The Central African Republic began voting on Sunday in a referendum on a new constitution that would allow President Faustin-Archange Touadera to seek a third term in a country which has endured several coups.
In 2020 Mr. Touadera won a second term through to 2025, after a vote interrupted by several incursions by armed rebel groups, while he also had to overcome allegations of fraud.
His rivals now charge that he wants to remain “president for life” — under the increasingly visible protection of private Russian mercenary group Wagner, which first deployed to the CAR in 2018.
The country of 5.5 million people is one of the world’s poorest.
Voting was scheduled to begin at 6:00 a.m. (0500 GMT) but polling stations opened around one hour late.
The polls are due to close at 4:00 p.m., with some 1.9 million people called on to cast their ballots.
Provisional results are not expected for eight days, while the constitutional court is scheduled to publish the definitive outcome on August 27, according to the national electoral authority.
The proposed new constitution would extend the presidential mandate from five to seven years and abolish the two-term limit.
Opinion polls suggest the “yes” camp is likely to triumph.
“We know that the ‘yes’ camp is going to win — but we shall put the emphasis on participation,” national assembly vice-president and presidential majority spokesman Evariste Ngamana told AFP.
The main opposition parties, civil groups and armed rebels have all called on voters to boycott the exercise.
The opposition has notably complained about the lack of an up-to-date electoral register and says institutions tasked with guaranteeing a free and fair vote are not independent.
In the capital Bangui, between 2,000 and 3,000 “yes” supporters turned out Friday for a final meeting to drum up further backing for the proposal.
But observers said the vote might not inspire much interest among the general populace.
“The majority of the CAR population, who are struggling to survive in a difficult economic and security context, doubtless have other priorities aside from this referendum which mobilises few beyond those close to those in power,” said Charles Bouessel, analyst with the International Crisis Group.
Mr. Touadera has announced, meanwhile, that Russia and Rwanda, two states whose influence has been very much on the rise in the CAR in recent years, would be “supporting” security forces during the vote.
A Wagner-linked source said earlier in July that several hundred of the Russian fighters would be in place for the poll.
“It’s a vote being pushed by the Russians and organised with their help — the president of the constitutional court and of the national electoral body have been invited to Russia and doubtless have received instructions,” a diplomatic source told AFP.
Human Rights Watch says Russian embassy personnel in Bangui visited the former president of the constitutional court, Daniele Darlan, last year to ask for advice on how the constitution might be amended to enable Mr.
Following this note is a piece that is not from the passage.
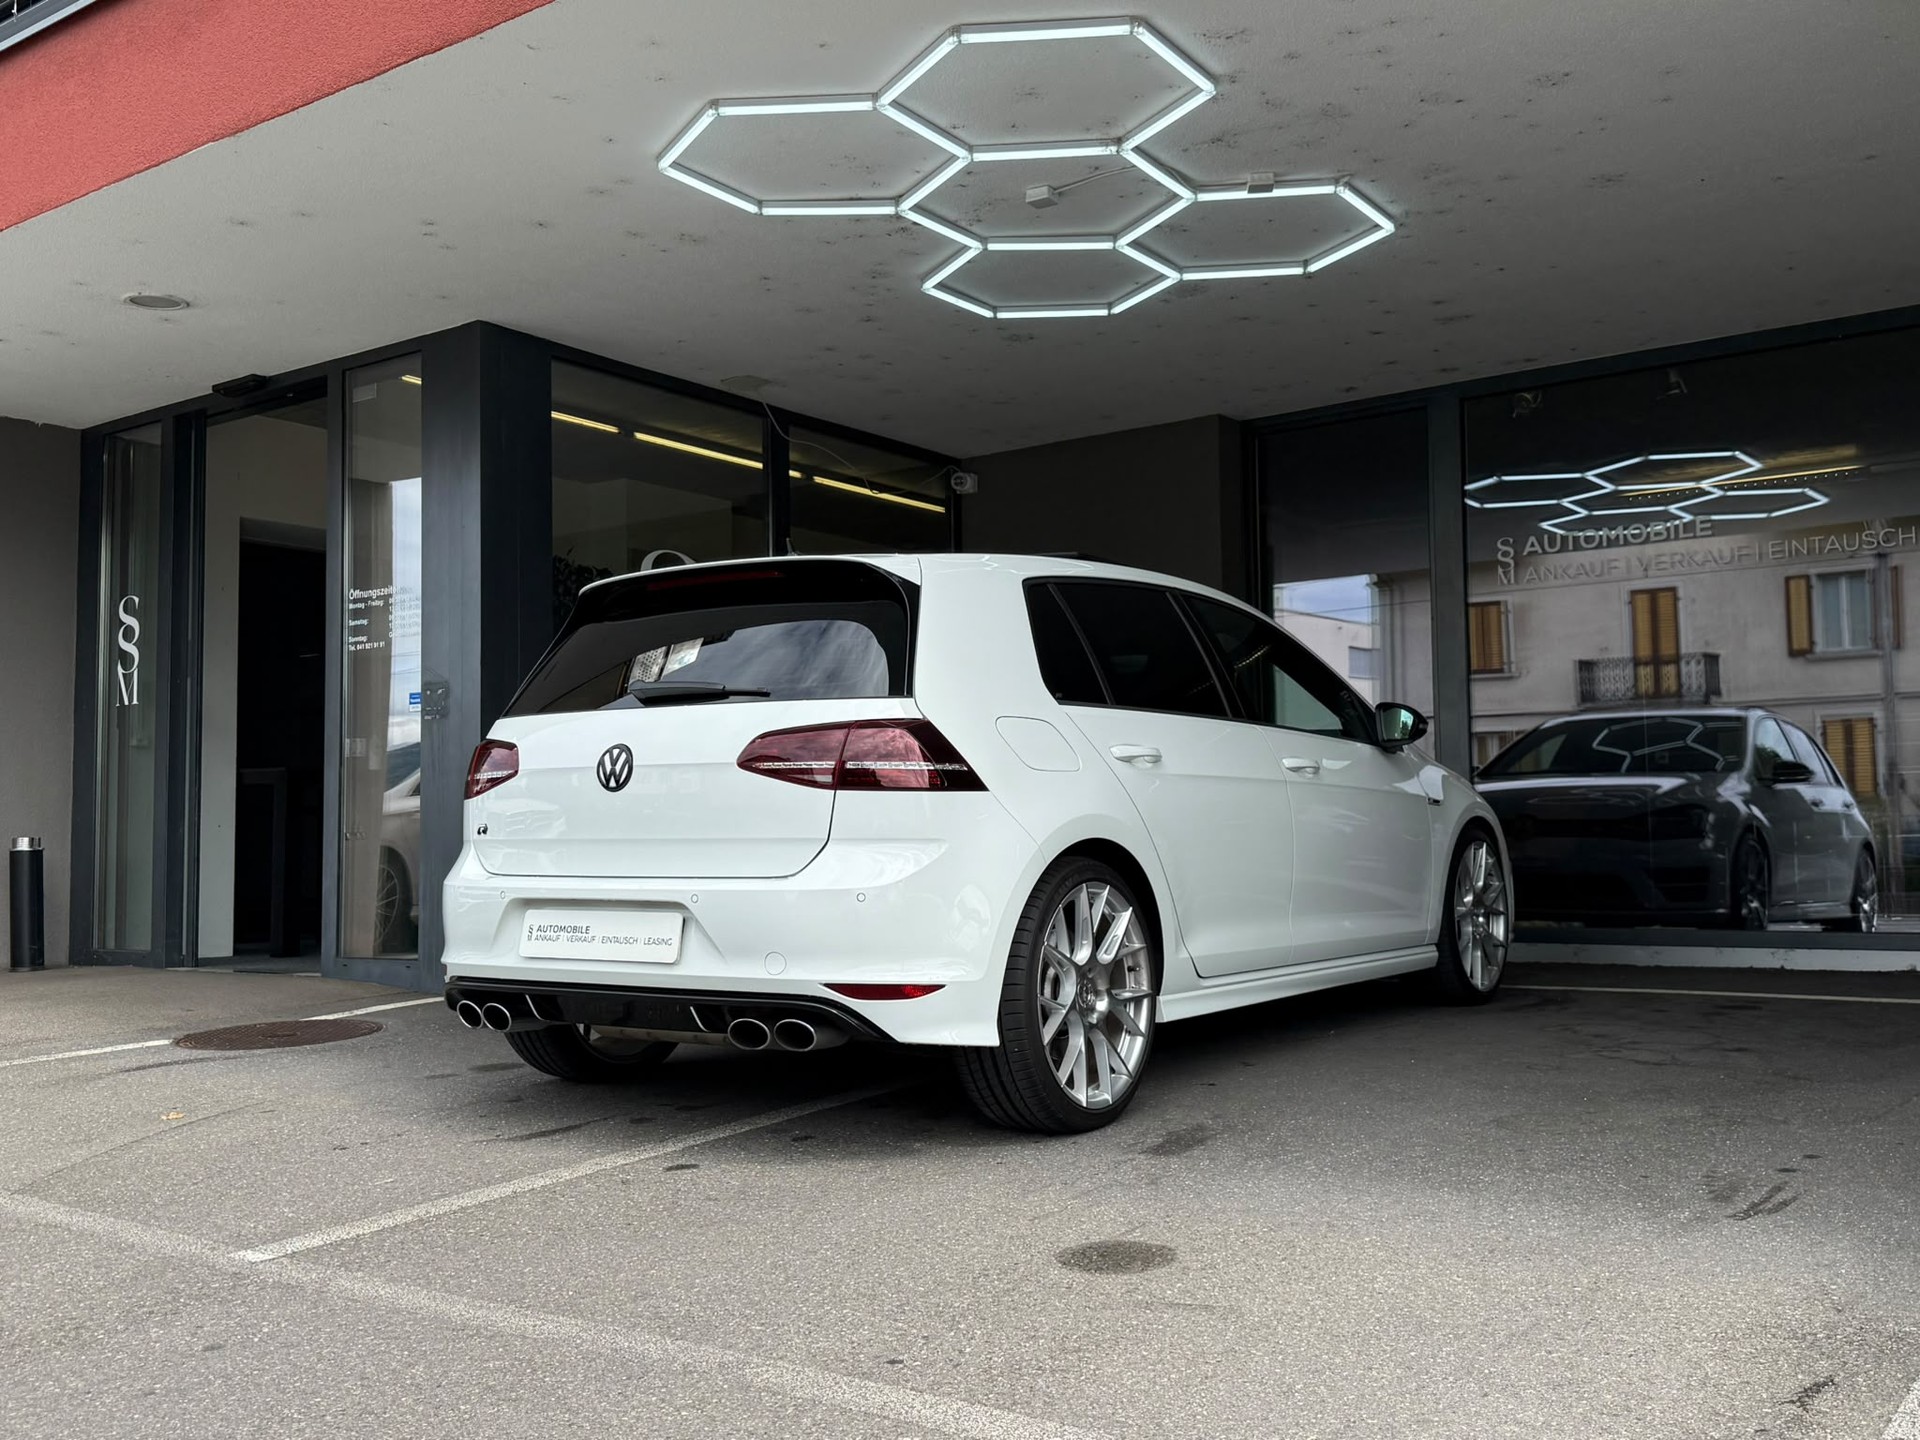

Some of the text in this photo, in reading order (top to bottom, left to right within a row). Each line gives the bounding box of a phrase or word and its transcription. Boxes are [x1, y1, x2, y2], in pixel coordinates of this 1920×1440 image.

Touadera to stay in power.
HRW regarded this as a Russian attempt to influence the political process in the CAR.
In September, the constitutional court inflicted a defeat on the political establishment by annulling a proposed committee to draw up a new constitution.
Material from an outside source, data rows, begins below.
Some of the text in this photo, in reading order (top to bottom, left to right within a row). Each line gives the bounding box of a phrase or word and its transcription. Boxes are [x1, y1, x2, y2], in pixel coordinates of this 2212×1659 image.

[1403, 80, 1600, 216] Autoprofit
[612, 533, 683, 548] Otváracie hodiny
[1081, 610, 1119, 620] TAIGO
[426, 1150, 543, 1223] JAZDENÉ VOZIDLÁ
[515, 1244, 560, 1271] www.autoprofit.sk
But in January, Darlan was ousted.
Government officials have cajoled and threatened referendum opponents, says HRW, and authorities also banned an opposition rally in the capital in a bid to keep a lid on hostility to the poll.
Since December 2020, hundreds of Wagner fighters and Rwandan troops have been deployed to face an offensive led by an alliance of the country’s most powerful rebel groups, which have found themselves pushed into rural areas.